Longer in vivo survival of CD59- and decay-accelerating factor-almost normal positive and partly positive erythrocytes in paroxysmal nocturnal hemoglobinuria as compared with negative erythrocytes: a demonstration by differential centrifugation and flow cytometry.

Three populations of erythrocytes have been shown by flow cytometric analysis on complement regulatory proteins: CD59 and decay-accelerating factor (DAF) on erythrocytes in paroxysmal nocturnal hemoglobinuria (PNH). CD59 and DAF in PNH may be completely deficient in CD59- and DAF-negative erythrocytes, they may be decreased varyingly in partly positive erythrocytes, and they may be approximately normal in almost normal positive erythrocytes. Control erythrocytes are always CD59- and DAF-normal positive. CD59- and DAF-negative erythrocytes have been shown to be most sensitive to complement lysis in vitro. However, it has not yet been elucidated whether CD59- and DAF-almost normal positive and partly positive erythrocytes in a patient have a longer in vivo survival than negative erythrocytes.
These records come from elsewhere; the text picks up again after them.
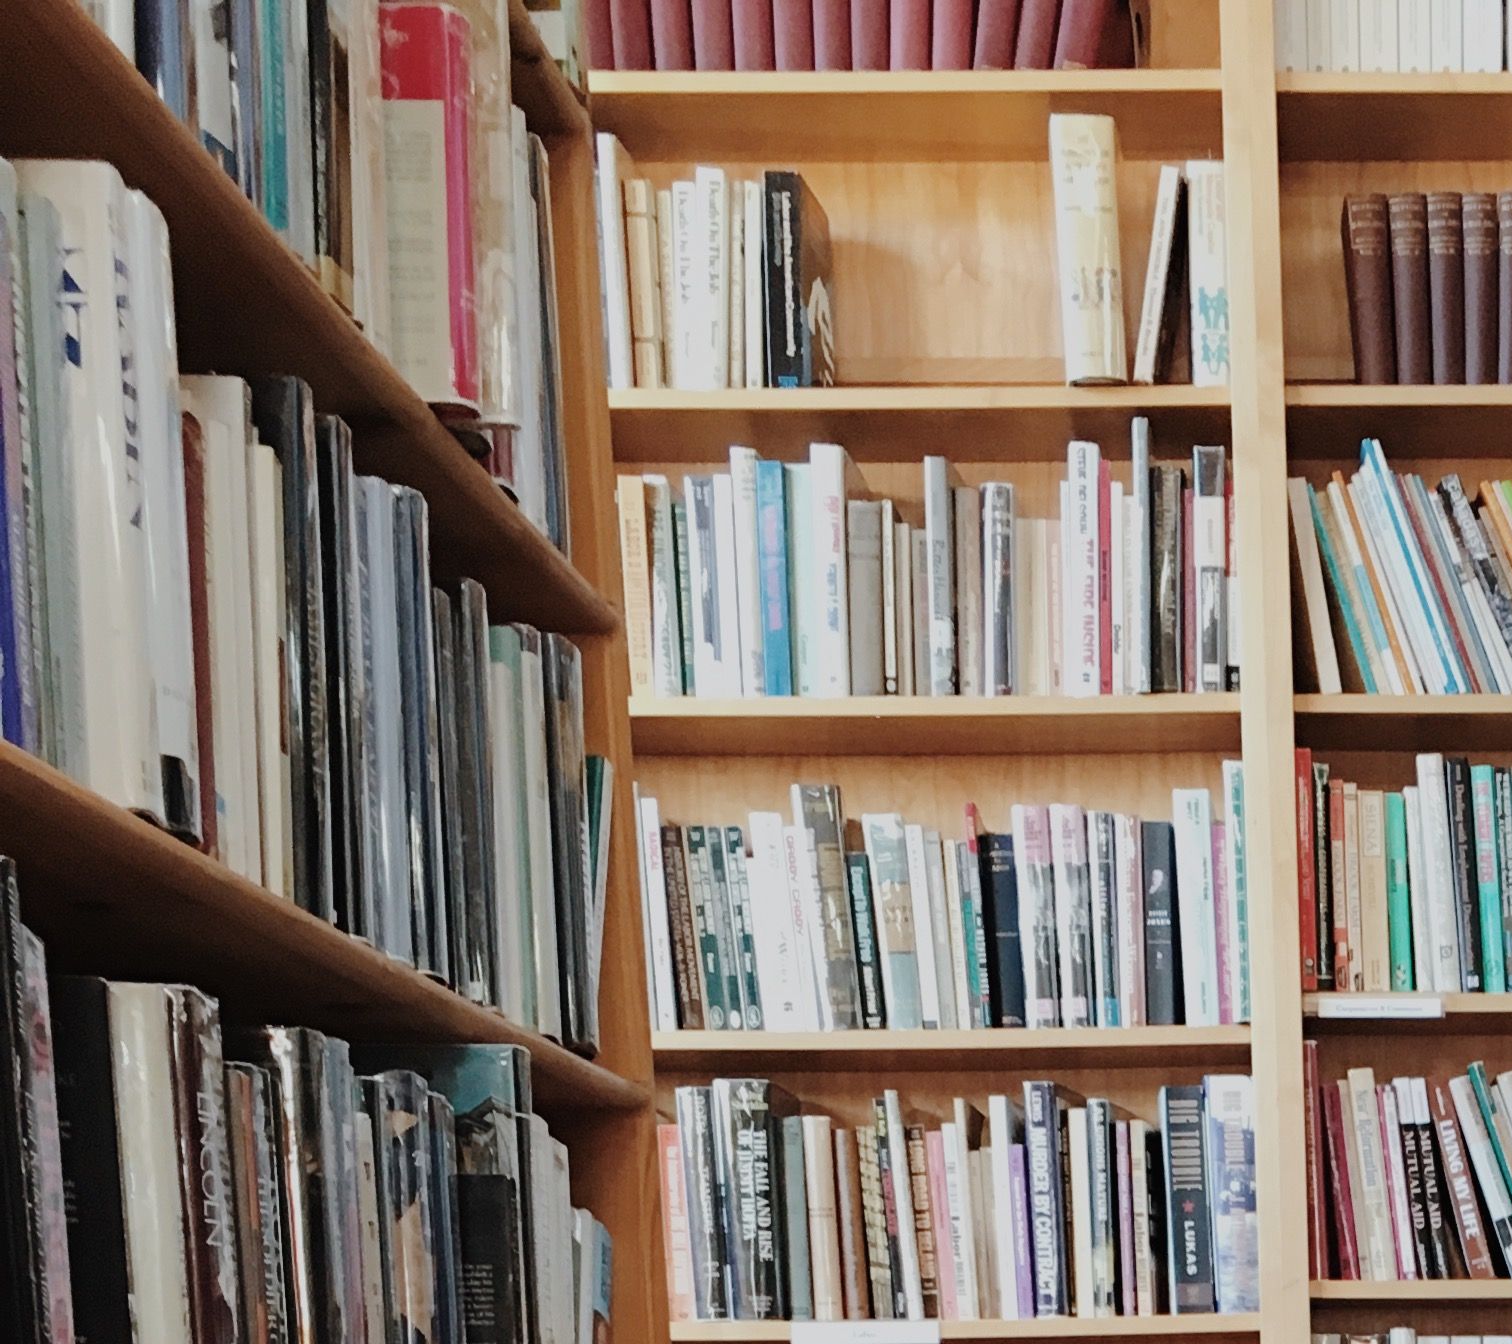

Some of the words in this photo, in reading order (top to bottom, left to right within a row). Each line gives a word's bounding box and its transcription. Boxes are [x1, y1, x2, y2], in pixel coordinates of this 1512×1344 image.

[1365, 803, 1377, 850] SIENA
[1168, 1100, 1200, 1123] BIG
[1171, 1131, 1203, 1191] TROUBLE
[1402, 1129, 1420, 1199] MUTUAL
[1419, 1129, 1437, 1199] MUTUAL
[1440, 1120, 1465, 1173] LIVING
[196, 1090, 223, 1248] LINCOLN
[754, 1162, 771, 1194] FALL
[1452, 1178, 1470, 1201] MY
[757, 1198, 772, 1228] AND
[1410, 1200, 1426, 1231] AID
[1427, 1200, 1442, 1231] AID
[1460, 1204, 1481, 1241] LIFE
[758, 1230, 774, 1263] RISE
[1183, 1219, 1199, 1275] LUKAS
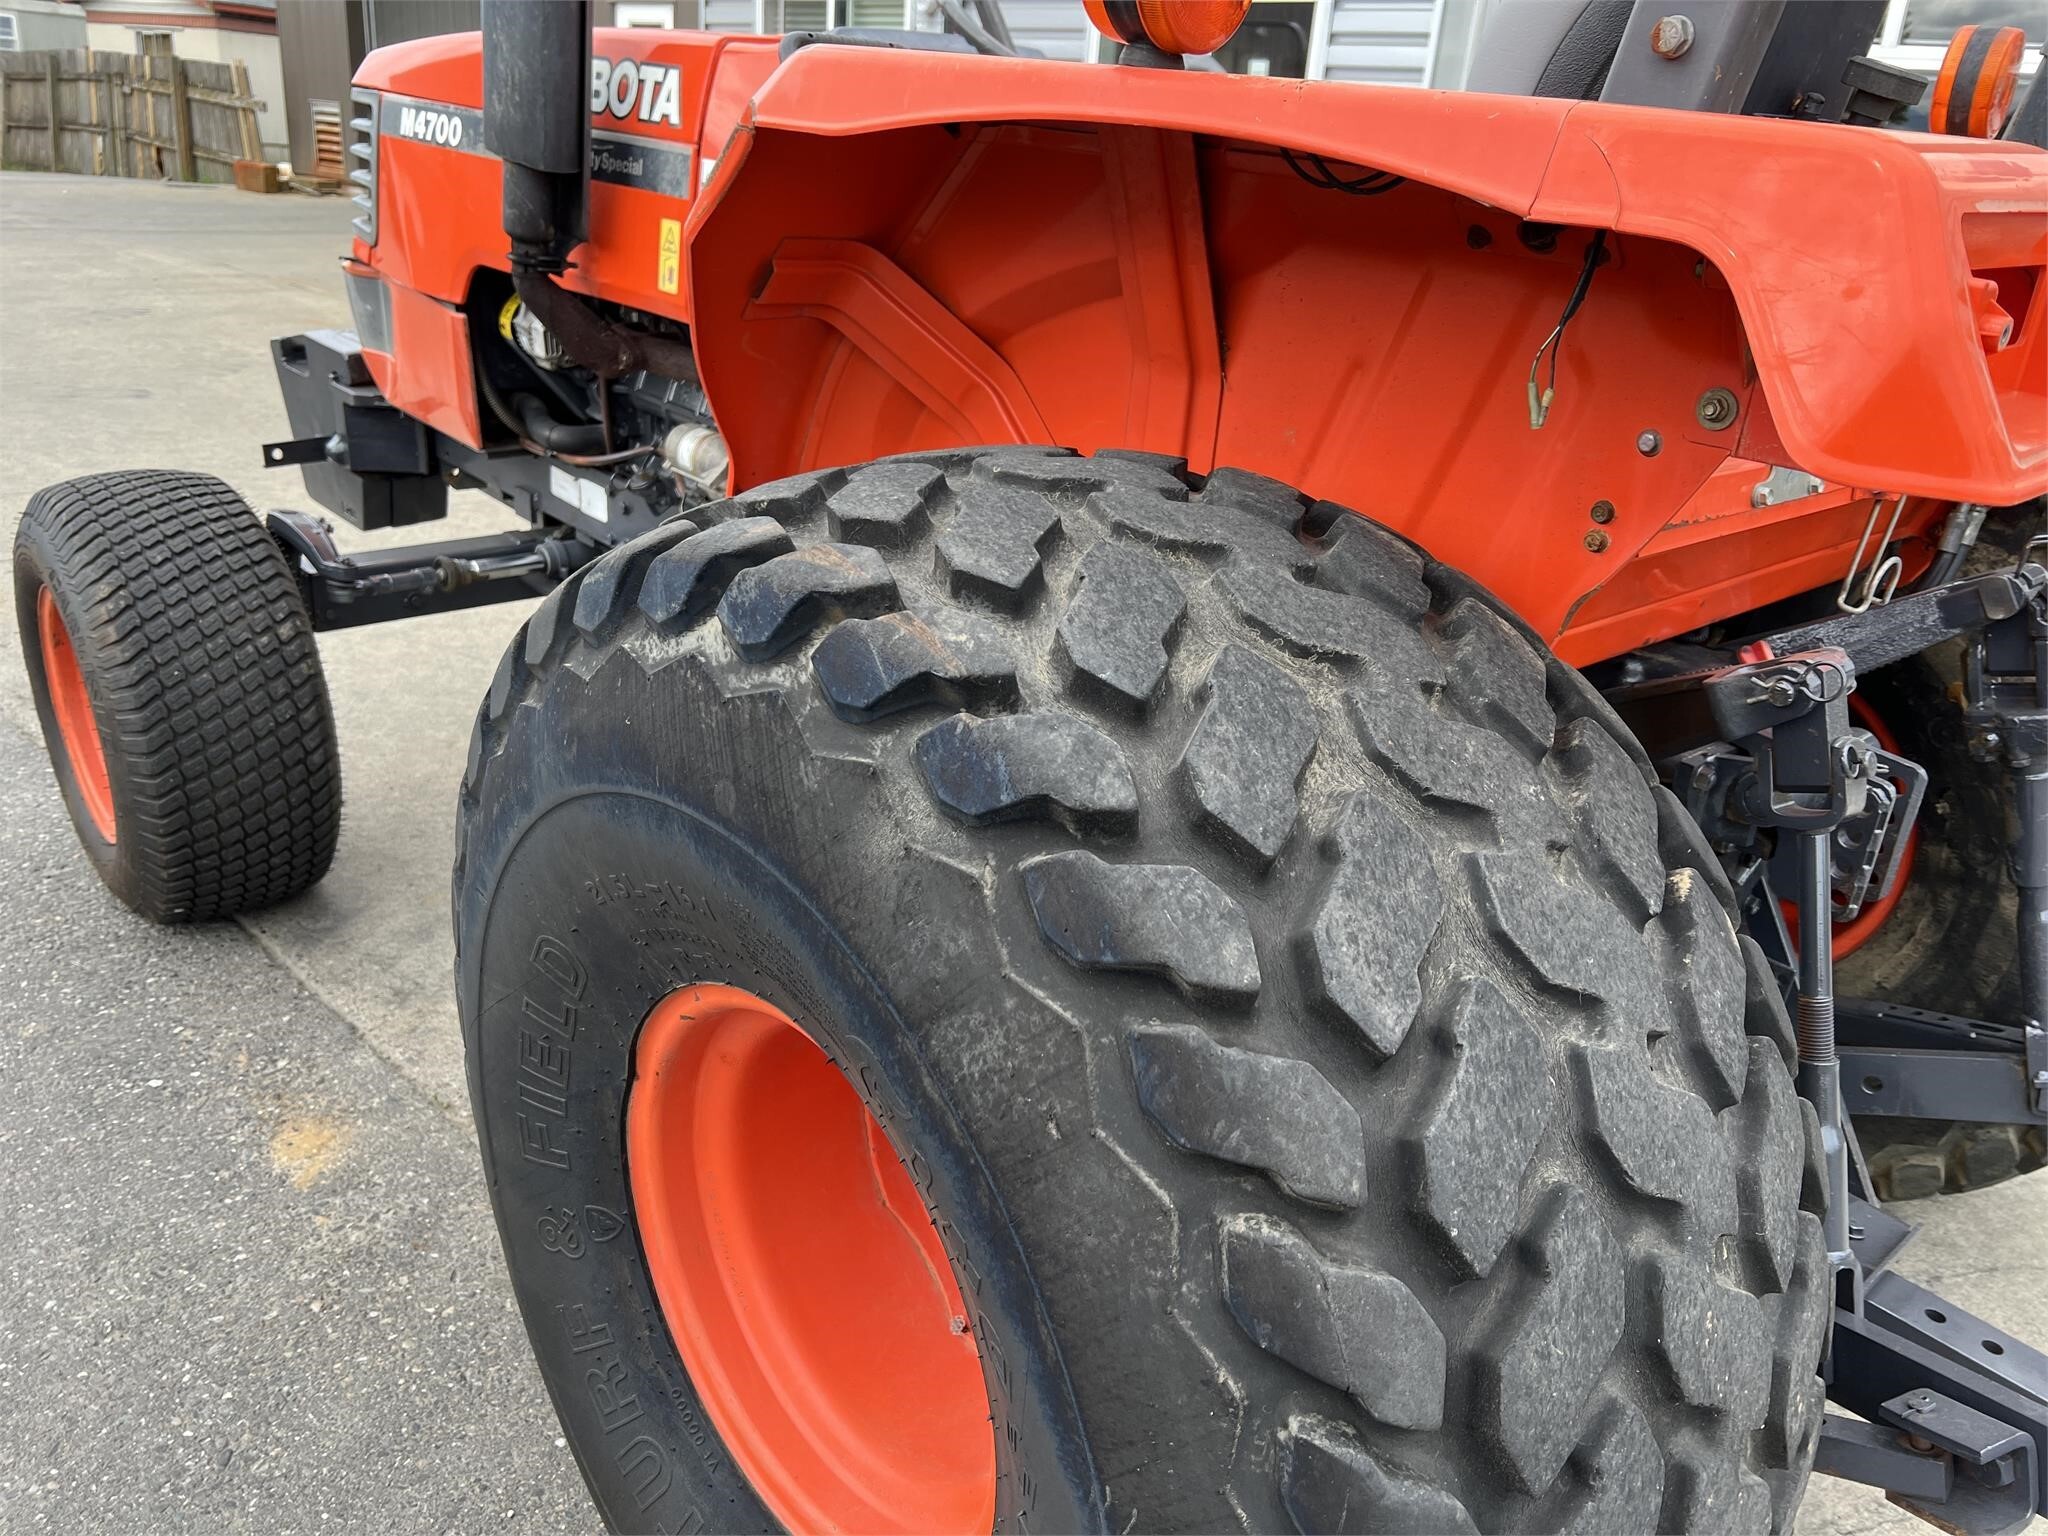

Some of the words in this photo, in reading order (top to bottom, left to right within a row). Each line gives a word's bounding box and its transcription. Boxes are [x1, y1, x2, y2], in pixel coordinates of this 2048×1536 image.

[591, 58, 682, 126] BOTA
[400, 107, 463, 147] M4700
[601, 151, 643, 177] Special
[515, 935, 589, 1171] FIELD
[537, 1207, 587, 1259] &
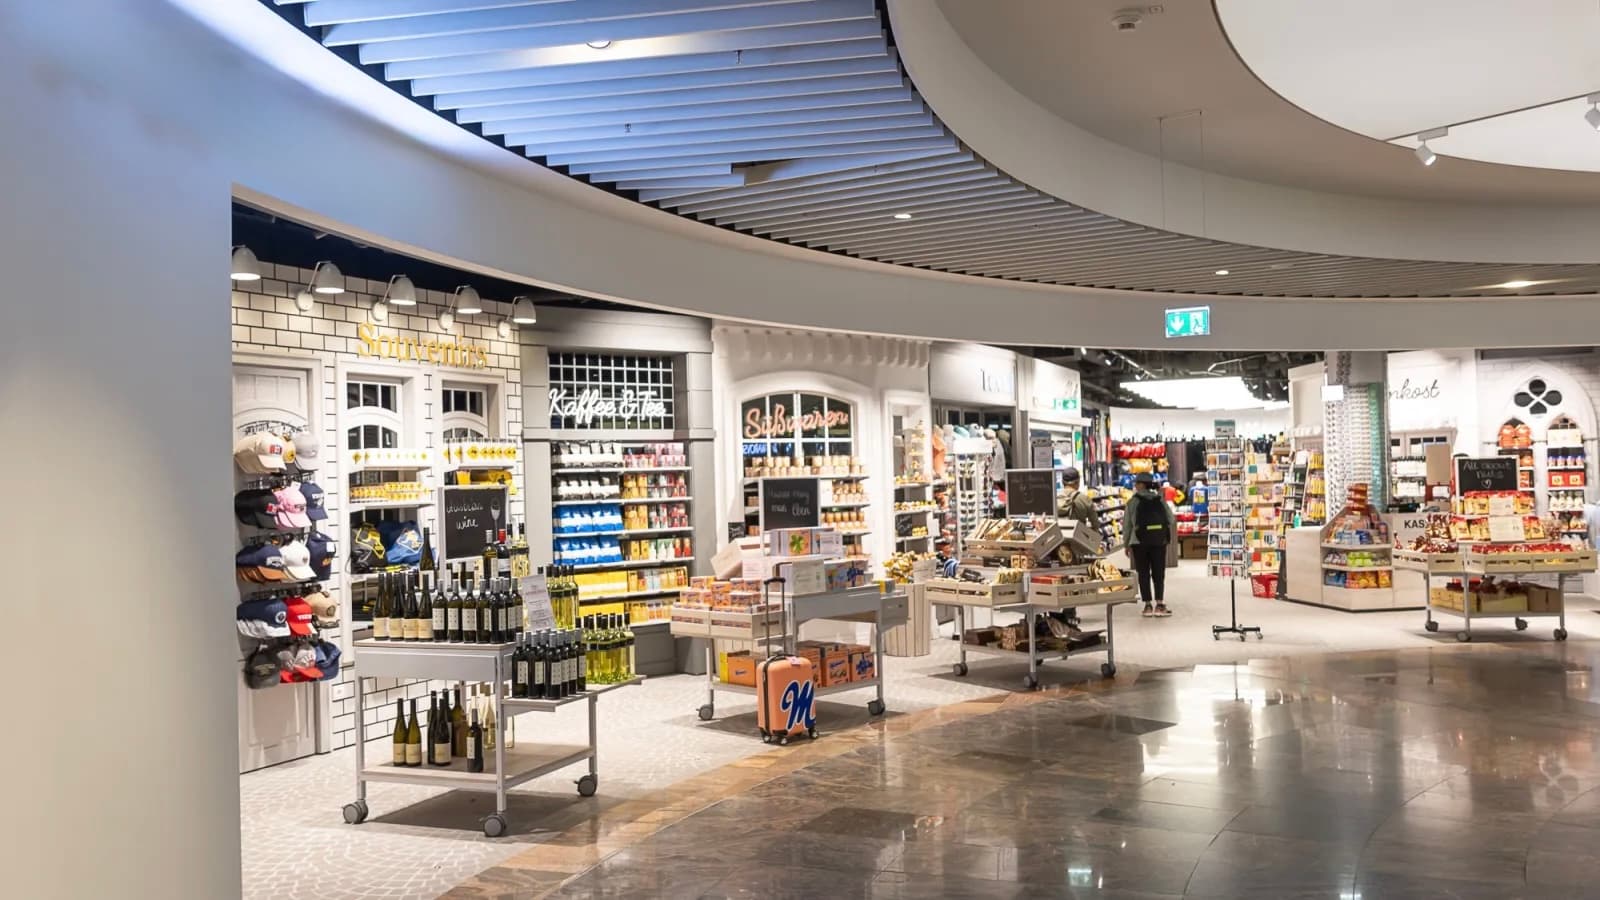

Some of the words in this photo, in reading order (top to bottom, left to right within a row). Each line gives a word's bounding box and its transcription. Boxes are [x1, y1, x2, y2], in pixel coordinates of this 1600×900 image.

[357, 321, 487, 369] Souvenirs
[548, 388, 617, 424] Kaffee
[620, 388, 637, 419] &
[637, 390, 667, 421] Tee
[745, 402, 849, 439] Süßwaren
[456, 516, 478, 530] wine
[780, 680, 817, 731] M
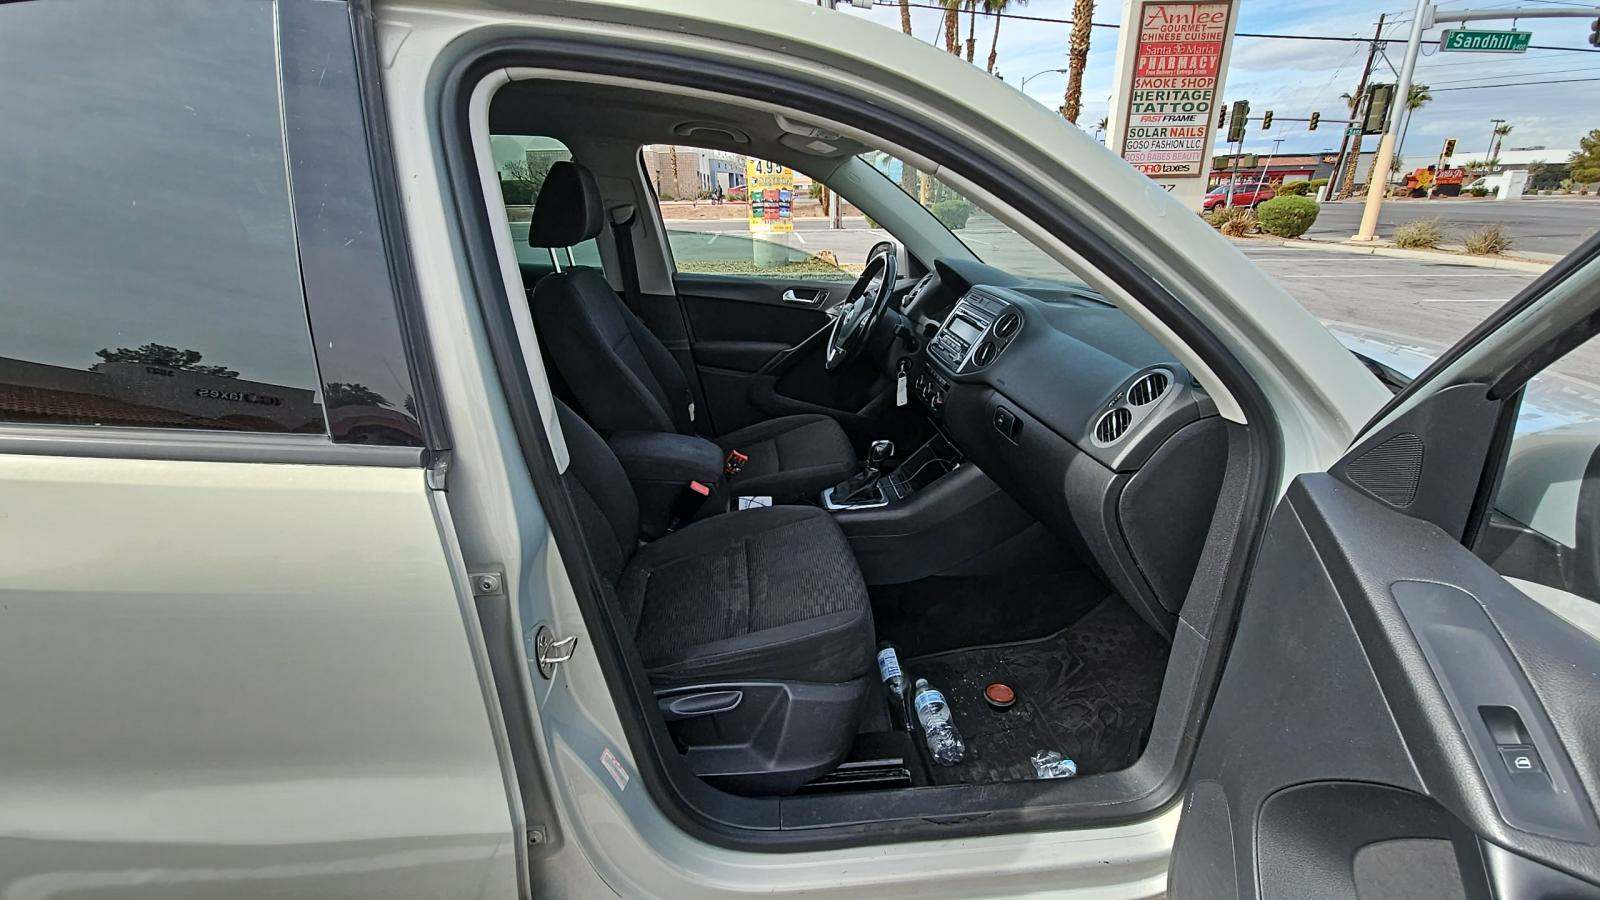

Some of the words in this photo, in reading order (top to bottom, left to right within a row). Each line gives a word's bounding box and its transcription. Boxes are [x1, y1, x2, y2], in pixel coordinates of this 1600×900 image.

[1145, 5, 1224, 27] Amlee
[1161, 24, 1207, 32] GOURMET
[1142, 33, 1182, 41] CHINESE
[1185, 32, 1222, 40] CUISINE
[1453, 33, 1513, 49] Sandhill
[1146, 45, 1171, 55] Santa
[1187, 44, 1214, 54] Maria
[1139, 56, 1217, 69] PHARMACY
[1136, 79, 1177, 88] SMOKE
[1181, 78, 1214, 88] SHOP
[1133, 91, 1212, 101] HERITAGE
[1132, 102, 1209, 112] TATTOO
[1129, 128, 1168, 137] SOLAR
[1170, 127, 1204, 137] NAILS
[1126, 140, 1150, 149] GOSO
[1151, 140, 1184, 149] FASHION
[1125, 153, 1146, 162] GOSO
[1147, 153, 1171, 161] BABES
[1172, 152, 1200, 160] BEAUTY
[1163, 164, 1190, 172] taxes
Blood from controls and PNH patients was separated in five fractions by differential centrifugation. CD59 and DAF on the fractionated erythrocytes were determined by flow cytometry using specific antibodies. Ratios of CD59- and DAF-almost normal positive and partly positive cells to negative erythrocytes were increased progressively from the top fraction to the bottom. The erythrocytes in the top fraction are younger and reticulocyte-rich, while those in the bottom are older and reticulocyte-poor. Hence, the present results indicate that CD59- and DAF-partly positive erythrocytes as well as almost normal positive erythrocytes in patients may have a longer in vivo survival than negative erythrocytes.